_Work instruction_. Your reply should hold exactly the lines from the one that contains "this 1500×1125 image." through the end of the data. Repeat them word for word.

(Beginning of Dataset)

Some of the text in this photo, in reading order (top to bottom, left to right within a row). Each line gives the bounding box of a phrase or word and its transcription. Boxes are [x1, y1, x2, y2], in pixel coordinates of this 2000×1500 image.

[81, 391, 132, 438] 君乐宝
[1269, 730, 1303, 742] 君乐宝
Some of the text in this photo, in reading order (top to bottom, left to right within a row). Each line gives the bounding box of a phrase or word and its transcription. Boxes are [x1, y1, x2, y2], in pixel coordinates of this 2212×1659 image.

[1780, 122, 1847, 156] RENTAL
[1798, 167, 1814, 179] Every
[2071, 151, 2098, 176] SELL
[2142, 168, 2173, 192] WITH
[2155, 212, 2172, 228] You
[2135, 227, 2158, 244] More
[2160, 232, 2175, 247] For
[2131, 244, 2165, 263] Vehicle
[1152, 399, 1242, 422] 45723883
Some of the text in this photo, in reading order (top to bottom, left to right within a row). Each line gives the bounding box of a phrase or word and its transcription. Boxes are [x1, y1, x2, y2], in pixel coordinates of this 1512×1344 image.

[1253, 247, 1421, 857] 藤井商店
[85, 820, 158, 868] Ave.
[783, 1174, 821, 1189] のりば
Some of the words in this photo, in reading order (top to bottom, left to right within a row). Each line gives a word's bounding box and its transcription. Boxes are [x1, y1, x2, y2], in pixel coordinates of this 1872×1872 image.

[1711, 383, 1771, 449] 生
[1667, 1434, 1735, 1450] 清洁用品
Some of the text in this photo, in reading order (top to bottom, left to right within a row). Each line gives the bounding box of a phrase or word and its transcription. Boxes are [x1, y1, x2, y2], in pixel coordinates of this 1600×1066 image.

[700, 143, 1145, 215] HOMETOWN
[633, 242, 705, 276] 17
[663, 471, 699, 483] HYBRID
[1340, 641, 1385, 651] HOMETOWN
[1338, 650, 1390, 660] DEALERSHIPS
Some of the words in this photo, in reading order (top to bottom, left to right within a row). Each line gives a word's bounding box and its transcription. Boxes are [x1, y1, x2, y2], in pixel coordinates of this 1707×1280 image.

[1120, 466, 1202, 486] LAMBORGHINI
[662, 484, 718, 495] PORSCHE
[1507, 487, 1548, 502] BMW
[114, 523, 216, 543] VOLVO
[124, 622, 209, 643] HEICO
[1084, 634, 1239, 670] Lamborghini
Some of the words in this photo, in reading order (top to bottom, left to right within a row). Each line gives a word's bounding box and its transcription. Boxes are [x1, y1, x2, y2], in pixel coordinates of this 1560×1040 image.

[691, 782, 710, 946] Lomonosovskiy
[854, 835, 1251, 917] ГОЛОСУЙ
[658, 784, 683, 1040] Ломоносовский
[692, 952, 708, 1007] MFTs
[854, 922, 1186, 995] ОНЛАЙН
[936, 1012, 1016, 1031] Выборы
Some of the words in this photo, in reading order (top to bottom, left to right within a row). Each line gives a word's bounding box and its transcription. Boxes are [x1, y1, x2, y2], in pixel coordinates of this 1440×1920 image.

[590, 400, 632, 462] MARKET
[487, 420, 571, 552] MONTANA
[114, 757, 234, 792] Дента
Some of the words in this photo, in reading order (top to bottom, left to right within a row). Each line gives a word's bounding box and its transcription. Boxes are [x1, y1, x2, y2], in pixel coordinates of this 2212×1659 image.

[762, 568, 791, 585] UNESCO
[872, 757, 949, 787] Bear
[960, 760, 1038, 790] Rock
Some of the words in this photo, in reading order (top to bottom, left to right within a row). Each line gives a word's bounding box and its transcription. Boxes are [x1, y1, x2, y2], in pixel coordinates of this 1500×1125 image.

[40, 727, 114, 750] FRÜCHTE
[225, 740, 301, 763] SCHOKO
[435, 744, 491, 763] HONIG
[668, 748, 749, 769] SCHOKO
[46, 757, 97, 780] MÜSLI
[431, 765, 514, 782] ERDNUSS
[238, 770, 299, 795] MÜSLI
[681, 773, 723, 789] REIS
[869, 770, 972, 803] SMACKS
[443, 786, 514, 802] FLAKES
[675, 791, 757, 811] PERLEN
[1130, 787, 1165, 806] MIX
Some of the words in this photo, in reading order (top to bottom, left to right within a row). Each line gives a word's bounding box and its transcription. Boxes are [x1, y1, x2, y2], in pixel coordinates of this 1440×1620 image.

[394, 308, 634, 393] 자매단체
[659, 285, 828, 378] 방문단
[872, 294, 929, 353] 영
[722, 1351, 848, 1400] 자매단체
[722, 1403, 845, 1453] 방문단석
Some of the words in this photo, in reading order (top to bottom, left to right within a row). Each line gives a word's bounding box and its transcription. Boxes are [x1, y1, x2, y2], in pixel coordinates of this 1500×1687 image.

(End of Dataset)

_Completed exercise_.
Some of the words in this photo, in reading order (top to bottom, left to right within a row). Each line gives a word's bounding box and its transcription. Boxes are [x1, y1, x2, y2], in pixel coordinates of this 1500×1125 image.

[40, 727, 114, 750] FRÜCHTE
[225, 740, 301, 763] SCHOKO
[435, 744, 491, 763] HONIG
[668, 748, 749, 769] SCHOKO
[46, 757, 97, 780] MÜSLI
[431, 765, 514, 782] ERDNUSS
[238, 770, 299, 795] MÜSLI
[681, 773, 723, 789] REIS
[869, 770, 972, 803] SMACKS
[443, 786, 514, 802] FLAKES
[675, 791, 757, 811] PERLEN
[1130, 787, 1165, 806] MIX
Some of the words in this photo, in reading order (top to bottom, left to right within a row). Each line gives a word's bounding box and its transcription. Boxes are [x1, y1, x2, y2], in pixel coordinates of this 1440×1620 image.

[394, 308, 634, 393] 자매단체
[659, 285, 828, 378] 방문단
[872, 294, 929, 353] 영
[722, 1351, 848, 1400] 자매단체
[722, 1403, 845, 1453] 방문단석
Some of the words in this photo, in reading order (top to bottom, left to right within a row). Each line gives a word's bounding box and its transcription. Boxes are [x1, y1, x2, y2], in pixel coordinates of this 1500×1687 image.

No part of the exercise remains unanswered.